Keyboard shortcuts

Press or to navigate between chapters

Press S or / to search in the book

Press ? to show this help

Press Esc to hide this help

NAT Traversal

Most devices on the internet sit behind a NAT (Network Address Translator). Your router assigns your device a private address (like 192.168.1.100) and translates it to a public address when you connect outward. This works fine for browsing the web, but it creates a problem for P2P networks: two devices behind different NATs cannot directly connect to each other without help.

Tesseras solves this with a three-tier approach, trying the cheapest option first:

  1. Direct connection — if both nodes have public IPs, they connect directly
  2. UDP hole punching — a third node introduces the two peers so they can punch through their NATs
  3. Relay — a public-IP node forwards packets between the two peers

NAT type discovery

When a node starts, it sends STUN (Session Traversal Utilities for NAT) requests to multiple public servers. By comparing the external addresses these servers report back, the node classifies its NAT:

NAT TypeWhat it meansHole punching?
PublicNo NAT — your device has a public IPNot needed
ConeNAT maps the same internal port to the same external port regardless of destinationWorks well (~80%)
SymmetricNAT assigns a different external port for each destinationUnreliable
UnknownCould not reach STUN serversRelay needed

Your node advertises its NAT type in DHT Pong messages, so other nodes know whether hole punching is worth attempting.

Hole punching

When node A (behind a Cone NAT) wants to connect to node B (also behind a Cone NAT), neither can directly reach the other. The solution:

  1. A sends a PunchIntro message to node I (an introducer — any public-IP node they both know). The message includes A’s external address (from STUN) and an Ed25519 signature proving A’s identity.
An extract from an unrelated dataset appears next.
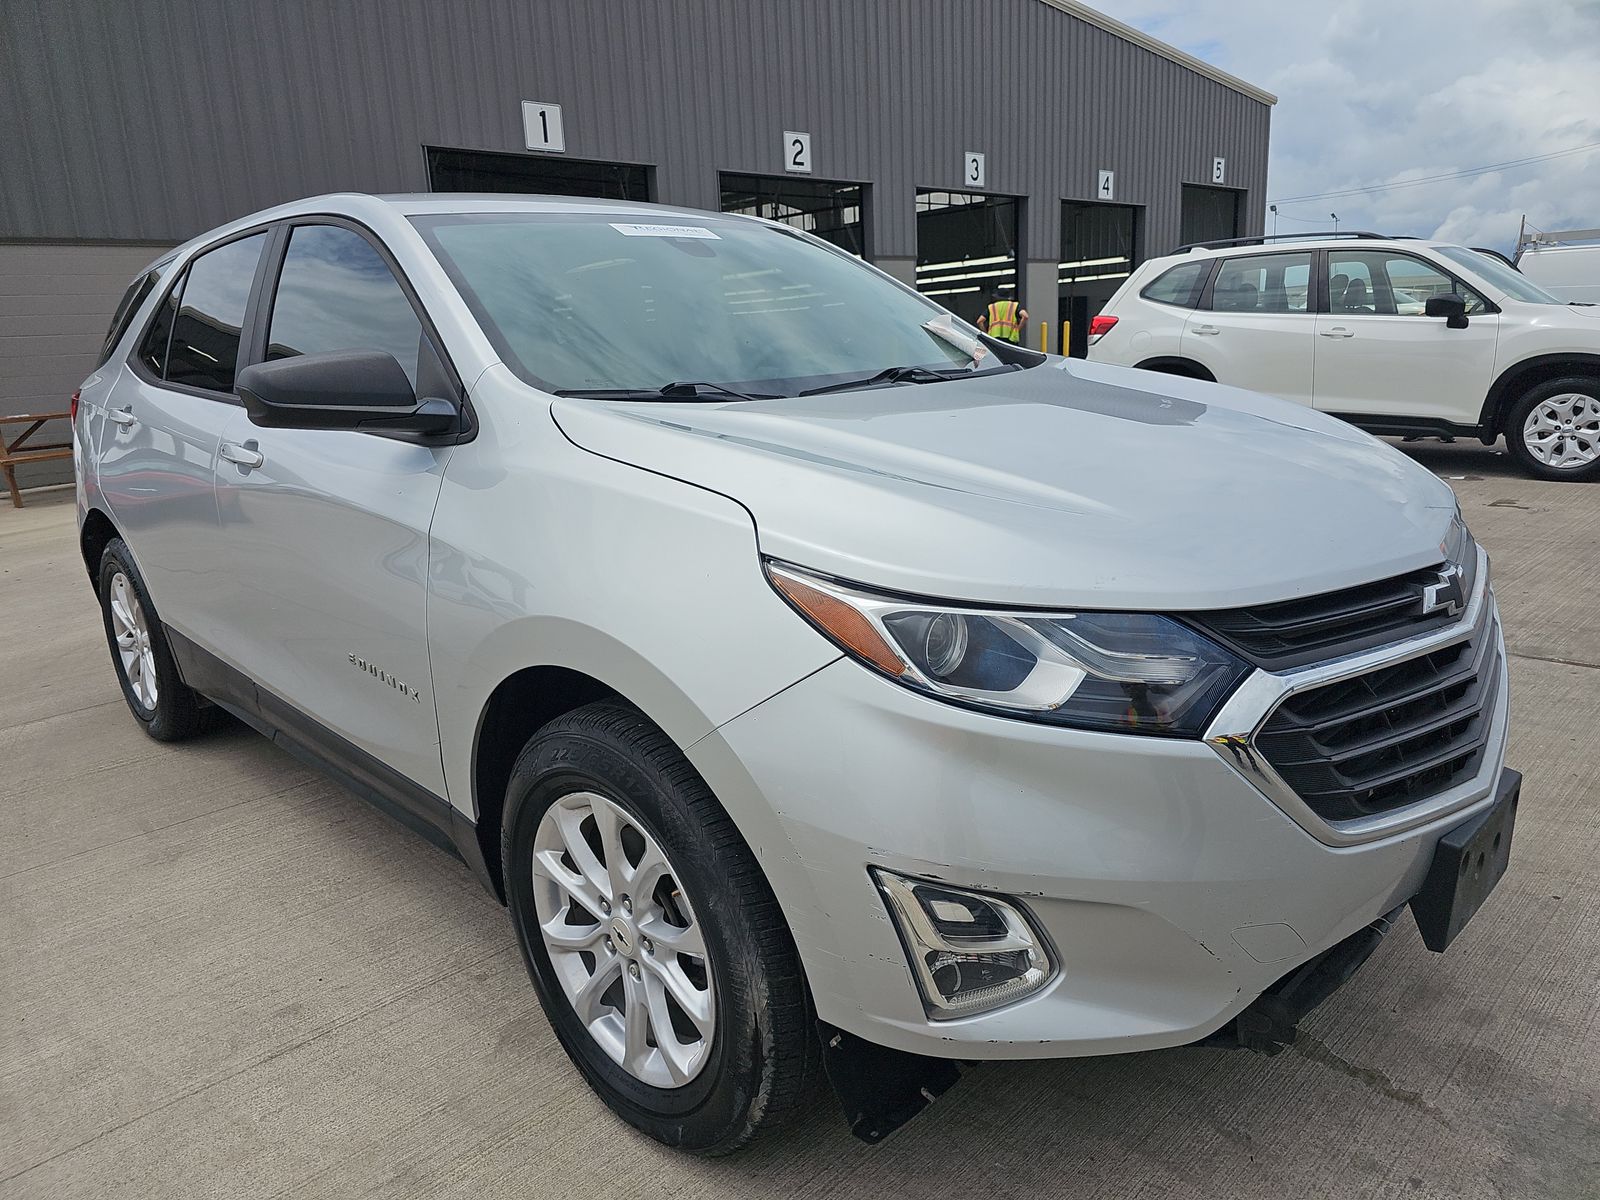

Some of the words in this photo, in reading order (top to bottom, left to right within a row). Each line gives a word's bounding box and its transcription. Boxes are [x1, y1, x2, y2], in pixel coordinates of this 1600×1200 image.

  2. I verifies the signature and forwards a PunchRequest to B, including A’s address and the original signature.

  3. B verifies the signature (proving the request really came from A, not a spoofed source). B then sends a UDP packet to A’s external address — this opens a pinhole in B’s NAT. B also sends a PunchReady message back to A with B’s external address.

  4. A sends a UDP packet to B’s external address. Both NATs now have pinholes, and the two nodes can communicate directly.

The entire process takes 2-5 seconds. The Ed25519 signatures prevent reflection attacks, where an attacker replays an old introduction to redirect traffic.

Relay fallback

When hole punching fails (Symmetric NAT, strict firewalls, or corporate networks), nodes fall back to relaying through a public-IP node:

  1. A sends a RelayRequest to node R (a public-IP node with relay enabled).
  2. R creates a session and sends a RelayOffer to both A and B, containing the relay address and a session token.
  3. A and B send their packets to R, prefixed with the session token. R strips the token and forwards the payload to the other peer.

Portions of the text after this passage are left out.